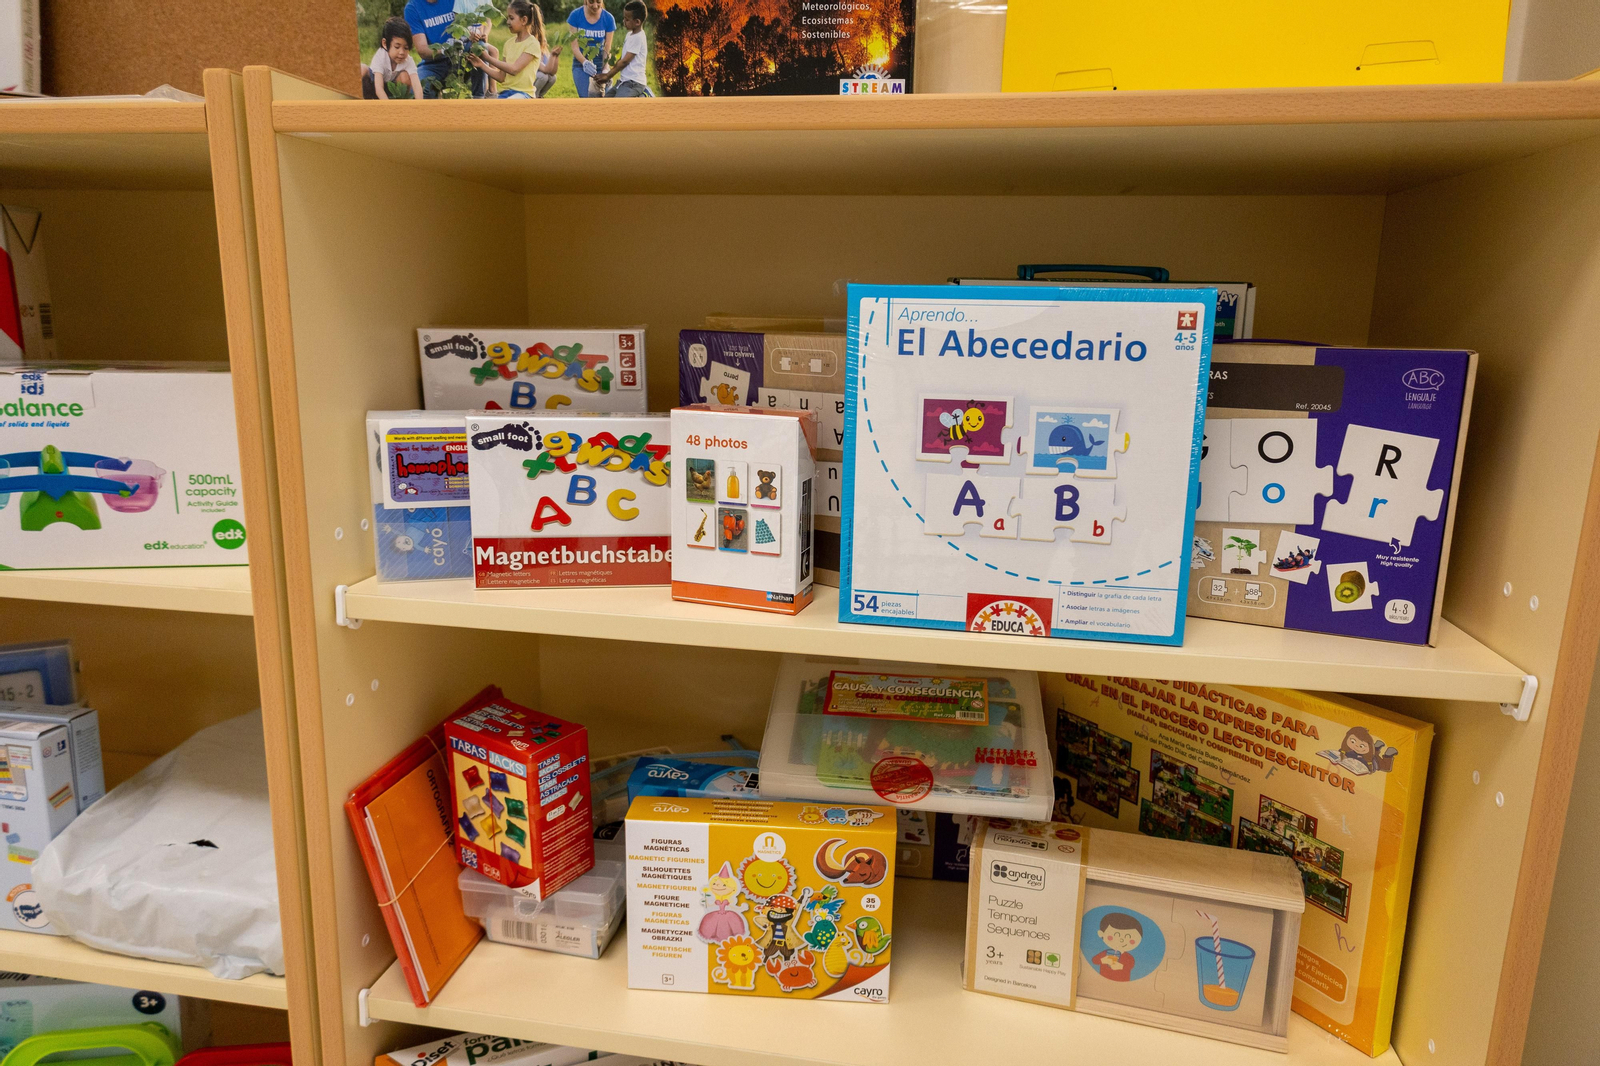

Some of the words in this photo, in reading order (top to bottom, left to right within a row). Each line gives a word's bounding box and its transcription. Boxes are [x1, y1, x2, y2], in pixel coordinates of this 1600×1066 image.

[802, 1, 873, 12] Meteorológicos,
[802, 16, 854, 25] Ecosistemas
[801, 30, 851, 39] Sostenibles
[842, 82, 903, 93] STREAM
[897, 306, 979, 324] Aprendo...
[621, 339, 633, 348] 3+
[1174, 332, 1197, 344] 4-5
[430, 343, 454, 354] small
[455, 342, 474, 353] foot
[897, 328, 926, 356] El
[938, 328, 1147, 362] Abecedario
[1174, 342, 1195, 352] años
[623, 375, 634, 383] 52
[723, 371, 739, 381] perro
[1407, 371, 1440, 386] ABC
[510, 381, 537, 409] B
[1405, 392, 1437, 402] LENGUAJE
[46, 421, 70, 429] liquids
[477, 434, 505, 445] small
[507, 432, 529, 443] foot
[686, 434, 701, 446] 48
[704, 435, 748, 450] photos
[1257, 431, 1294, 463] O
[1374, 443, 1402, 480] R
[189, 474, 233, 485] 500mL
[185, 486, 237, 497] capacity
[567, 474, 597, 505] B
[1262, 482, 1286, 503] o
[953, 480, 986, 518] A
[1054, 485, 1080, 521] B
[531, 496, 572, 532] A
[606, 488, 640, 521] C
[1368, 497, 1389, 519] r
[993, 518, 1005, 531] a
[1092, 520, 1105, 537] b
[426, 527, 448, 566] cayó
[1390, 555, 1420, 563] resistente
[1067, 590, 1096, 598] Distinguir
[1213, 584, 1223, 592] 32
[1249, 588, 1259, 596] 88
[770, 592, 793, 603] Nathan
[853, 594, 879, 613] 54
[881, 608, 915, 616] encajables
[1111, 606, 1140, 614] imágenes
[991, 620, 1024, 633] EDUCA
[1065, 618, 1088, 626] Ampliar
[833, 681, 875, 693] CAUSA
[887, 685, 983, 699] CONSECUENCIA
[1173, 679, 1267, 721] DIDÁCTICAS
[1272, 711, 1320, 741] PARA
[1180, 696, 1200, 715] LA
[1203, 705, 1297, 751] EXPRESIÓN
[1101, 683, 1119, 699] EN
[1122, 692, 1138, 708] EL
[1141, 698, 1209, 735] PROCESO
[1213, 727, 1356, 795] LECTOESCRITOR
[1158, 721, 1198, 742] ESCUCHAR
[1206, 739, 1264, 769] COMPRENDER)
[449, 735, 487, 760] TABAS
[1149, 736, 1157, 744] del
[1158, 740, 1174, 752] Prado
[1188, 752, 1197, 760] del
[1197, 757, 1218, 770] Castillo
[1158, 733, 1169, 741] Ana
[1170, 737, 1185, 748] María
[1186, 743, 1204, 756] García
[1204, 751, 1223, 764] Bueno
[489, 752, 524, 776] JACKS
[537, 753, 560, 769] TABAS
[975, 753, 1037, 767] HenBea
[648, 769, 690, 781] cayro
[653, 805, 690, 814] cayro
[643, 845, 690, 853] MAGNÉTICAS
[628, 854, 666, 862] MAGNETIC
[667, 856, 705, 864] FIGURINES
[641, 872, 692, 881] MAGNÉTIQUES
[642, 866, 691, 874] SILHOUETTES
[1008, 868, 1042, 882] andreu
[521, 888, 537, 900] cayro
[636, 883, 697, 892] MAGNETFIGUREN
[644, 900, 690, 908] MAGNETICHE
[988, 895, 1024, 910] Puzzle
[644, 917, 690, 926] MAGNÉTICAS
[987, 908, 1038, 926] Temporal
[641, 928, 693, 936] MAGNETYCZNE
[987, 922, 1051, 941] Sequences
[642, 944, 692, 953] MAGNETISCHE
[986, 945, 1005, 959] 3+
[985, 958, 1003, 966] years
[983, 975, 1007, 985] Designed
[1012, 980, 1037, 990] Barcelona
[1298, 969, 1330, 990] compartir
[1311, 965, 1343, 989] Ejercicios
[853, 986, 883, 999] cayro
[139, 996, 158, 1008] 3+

· · · · · · ·

▸ **Task details**
Please count the lines above containing "cayro"; number only.

▸ **Result of the exercise**
4